2009-04-24 / Sports

Hall Gets Energized To Win First Golden Gloves Title

By Elio Velez

Trevis Hall poses after his championship victory with his mother Donna. Trevis Hall poses after his championship victory with his mother Donna. Trevis Hall stood in his corner, admittedly with nervous energy as he waited for the opening bell at the WAMU Theater at Madison Square Garden on Thursday, April 16.

Hall's opponent, 17-year old Abdul Perry from Starrett City Boxing Club, had a similar idea. But when Perry came out of his corner once the bell rang like a house on fire.

But instead of falling prey and matching Perry's manic ring activity, the 22-year old Hall used his patience and guile to tire his younger opponent. Hall took control over the three rounds to record a 5-0 unanimous victory and win the Daily News Golden Gloves 125-pound novice championship.

The older Hall won his first ever championship after being knocked out the early preliminary rounds of the tournament in 2006. After a threeyear layoff, Hall said his return to the ring paid off this time because pf hard work and honing his boxing skills.

"This run was great. Three years ago I lost in the preliminaries. I got gassed," Hall said.

"I came through this year and I worked every day. I worked with my trainer Wally and Kevin and Kevin pushed me every day. I love him like a father. He's always been there. He believed in me and I believed in myself."

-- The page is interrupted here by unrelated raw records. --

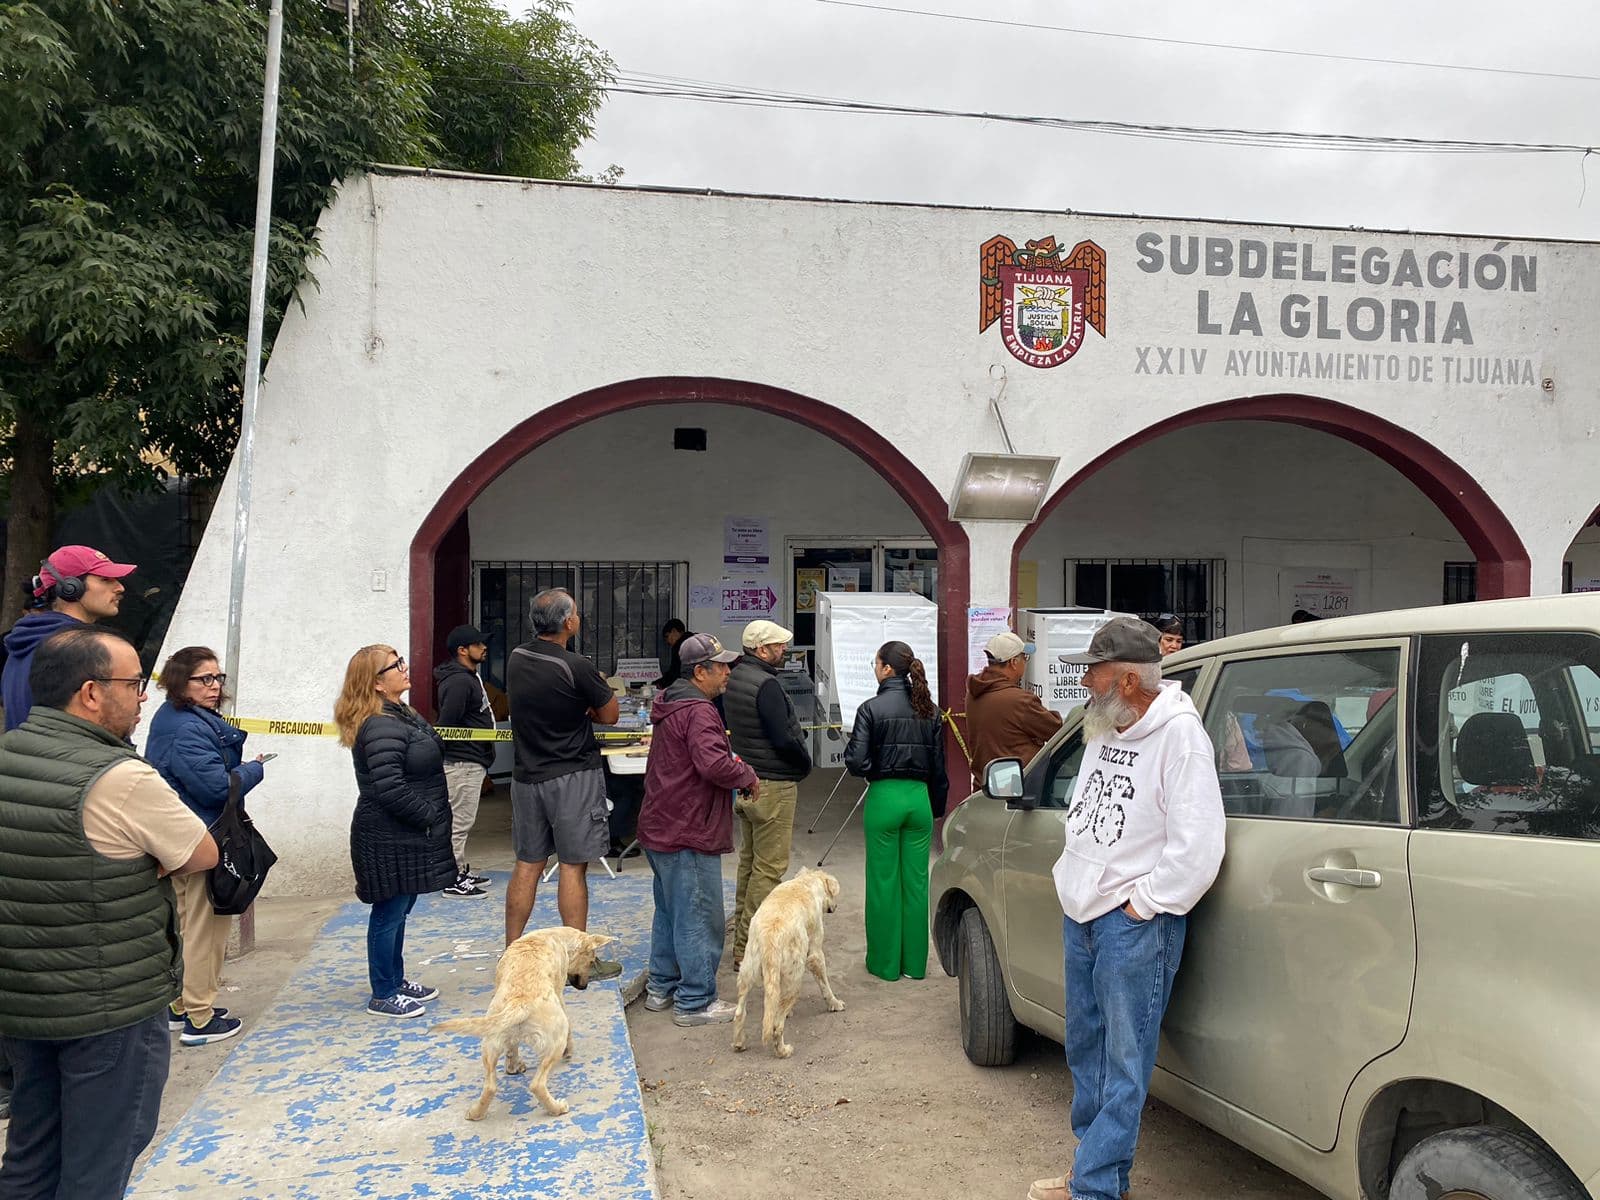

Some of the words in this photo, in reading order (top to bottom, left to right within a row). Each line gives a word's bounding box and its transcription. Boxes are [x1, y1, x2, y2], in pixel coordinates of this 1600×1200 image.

[1136, 232, 1537, 292] SUBDELEGACIÓN
[1015, 273, 1072, 284] TIJUANA
[1003, 298, 1012, 329] AQUI
[1197, 290, 1263, 336] LA
[1280, 294, 1474, 345] GLORIA
[1069, 302, 1083, 348] PATRIA
[1006, 334, 1052, 365] EMPIEZA
[1054, 350, 1071, 362] LA
[1135, 347, 1207, 375] XXIV
[1224, 349, 1400, 381] AYUNTAMIENTO
[1408, 355, 1434, 383] DE
[1442, 356, 1535, 386] TIJUANA
[1323, 595, 1348, 610] 1289
[1049, 665, 1058, 674] EL
[1060, 665, 1080, 674] VOTO
[1056, 676, 1078, 686] LIBRE
[1053, 688, 1088, 699] SECRETO
[1502, 698, 1515, 713] EL
[269, 721, 323, 735] PRECAUCION

Though Perry controlled the opening minute of the first round, Hall wasn't damaged by his opponent. In the second round, Hall established his jab and pushed away Perry's attempts to close the ring off from his opponent.

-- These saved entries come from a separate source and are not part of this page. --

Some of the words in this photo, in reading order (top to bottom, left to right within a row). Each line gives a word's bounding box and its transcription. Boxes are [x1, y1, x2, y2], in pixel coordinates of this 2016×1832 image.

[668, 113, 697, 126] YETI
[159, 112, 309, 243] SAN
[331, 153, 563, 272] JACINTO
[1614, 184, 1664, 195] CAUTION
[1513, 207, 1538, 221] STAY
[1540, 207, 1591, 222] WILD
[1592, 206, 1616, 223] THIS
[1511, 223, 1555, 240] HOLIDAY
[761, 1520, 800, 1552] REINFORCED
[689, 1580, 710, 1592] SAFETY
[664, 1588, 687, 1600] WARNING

"He's coming out but he seemed he didn't want fight or engage in any contact like that," Hall said. "I worked with what he gave me. I wish he would have been wanting to fight a little more."

Hall made enough punches and got the result he wanted. Though he may not have looked perfect in his first appearance in the Garden, it was a winning effort.

For Hall to have time to train for the Golden Gloves and win is a remarkable feat.

During the day, Hall makes the long commute from his Far Rockaway home to Long Island City, where he attends school at DeVry University.

Hall also has to make time for his job at McDonald's, where he earns money not only supporting himself but also his 18-month old daughter Taylor.

It's his daughter Taylor which provides inspiration for Hall to go through the long hours of work, school and also train throughout the week at the Cops N Kids Boxing Club in Jamaica.

"I worked hard to support my daughter. She keeps me driving," Hall said. "I feel I'm more mature. My style of fighting, I'm comfortable. I have a good work ethic. I like fighters who have that."

Crediting his improved maturity has made him create a path towards a long term goal. Next year, he will again compete in the Golden Gloves in the 125-pound open class.

Another victory at the Garden in 2010 could raise his hopes of competing for his native country Guyana in the 2012 Olympics held in London.

And he had more to celebrate three days after his championship win. Hall turned 23 years old and it's the best birthday present he can to jumpstart his Olympic dreams.

"I've worked hard and this is one step closer. I'm one of the few who got here to the Garden to fight and I'm happy to be here," Hall said.